In full and exactly, reproduce the entries below, but omit the pictures.

******

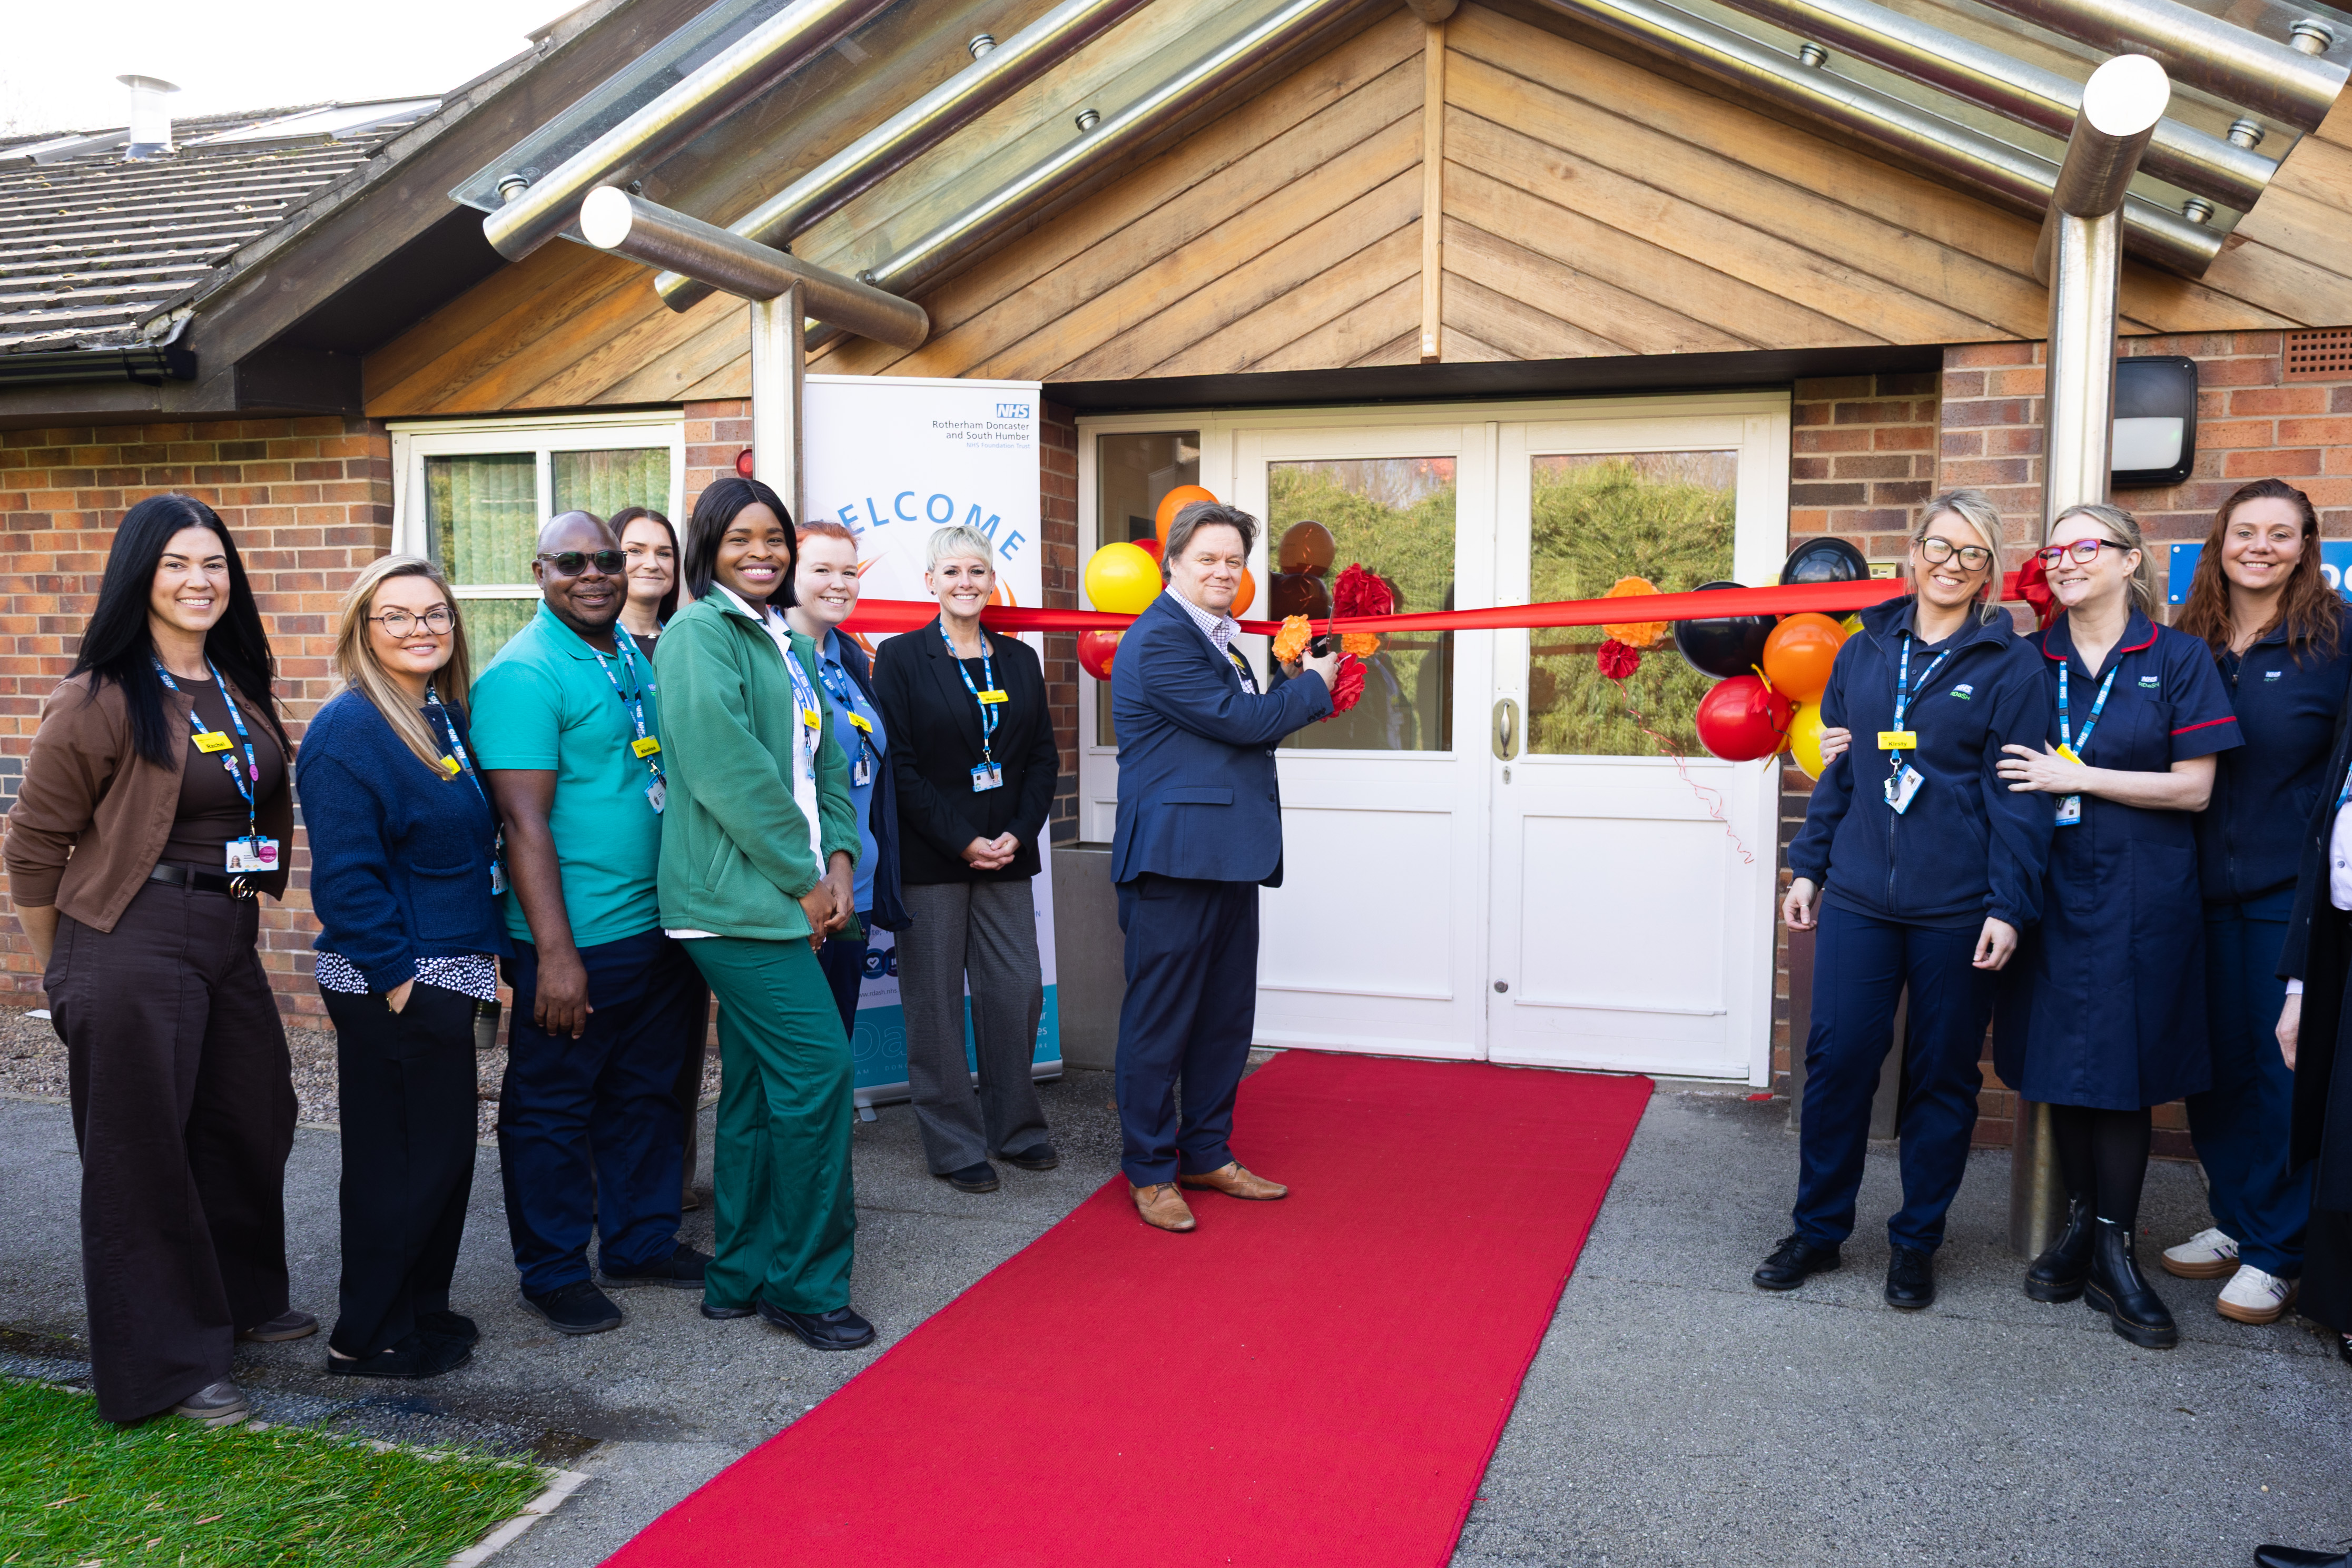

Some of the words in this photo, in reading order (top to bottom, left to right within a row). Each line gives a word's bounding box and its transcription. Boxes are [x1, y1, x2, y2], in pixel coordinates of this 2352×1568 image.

[997, 404, 1029, 418] NHS
[932, 420, 983, 429] Rotherham
[986, 421, 1030, 430] Doncaster
[820, 491, 1026, 561] ELCOME
[617, 641, 628, 651] NHS
[596, 655, 608, 668] NHS
[625, 654, 634, 666] NHS
[160, 675, 175, 688] NHS
[606, 671, 617, 684] NHS
[800, 676, 809, 687] NHS
[965, 677, 975, 688] NHS
[2104, 673, 2114, 686] NHS
[824, 679, 835, 691] NHS
[1953, 684, 1973, 695] NHS
[224, 693, 234, 707] NHS
[794, 688, 803, 700] NHS
[2097, 690, 2107, 705] NHS
[231, 711, 242, 725] NHS
[448, 728, 459, 742] NHS
[2076, 732, 2088, 747] NHS
[455, 745, 467, 759] NHS
[237, 780, 247, 794] NHS

******

■ RESPONSE TO THIS TASK
Some of the words in this photo, in reading order (top to bottom, left to right within a row). Each line gives a word's bounding box and its transcription. Boxes are [x1, y1, x2, y2], in pixel coordinates of this 2352×1568 image.

[997, 404, 1029, 418] NHS
[932, 420, 983, 429] Rotherham
[986, 421, 1030, 430] Doncaster
[820, 491, 1026, 561] ELCOME
[617, 641, 628, 651] NHS
[596, 655, 608, 668] NHS
[625, 654, 634, 666] NHS
[160, 675, 175, 688] NHS
[606, 671, 617, 684] NHS
[800, 676, 809, 687] NHS
[965, 677, 975, 688] NHS
[2104, 673, 2114, 686] NHS
[824, 679, 835, 691] NHS
[1953, 684, 1973, 695] NHS
[224, 693, 234, 707] NHS
[794, 688, 803, 700] NHS
[2097, 690, 2107, 705] NHS
[231, 711, 242, 725] NHS
[448, 728, 459, 742] NHS
[2076, 732, 2088, 747] NHS
[455, 745, 467, 759] NHS
[237, 780, 247, 794] NHS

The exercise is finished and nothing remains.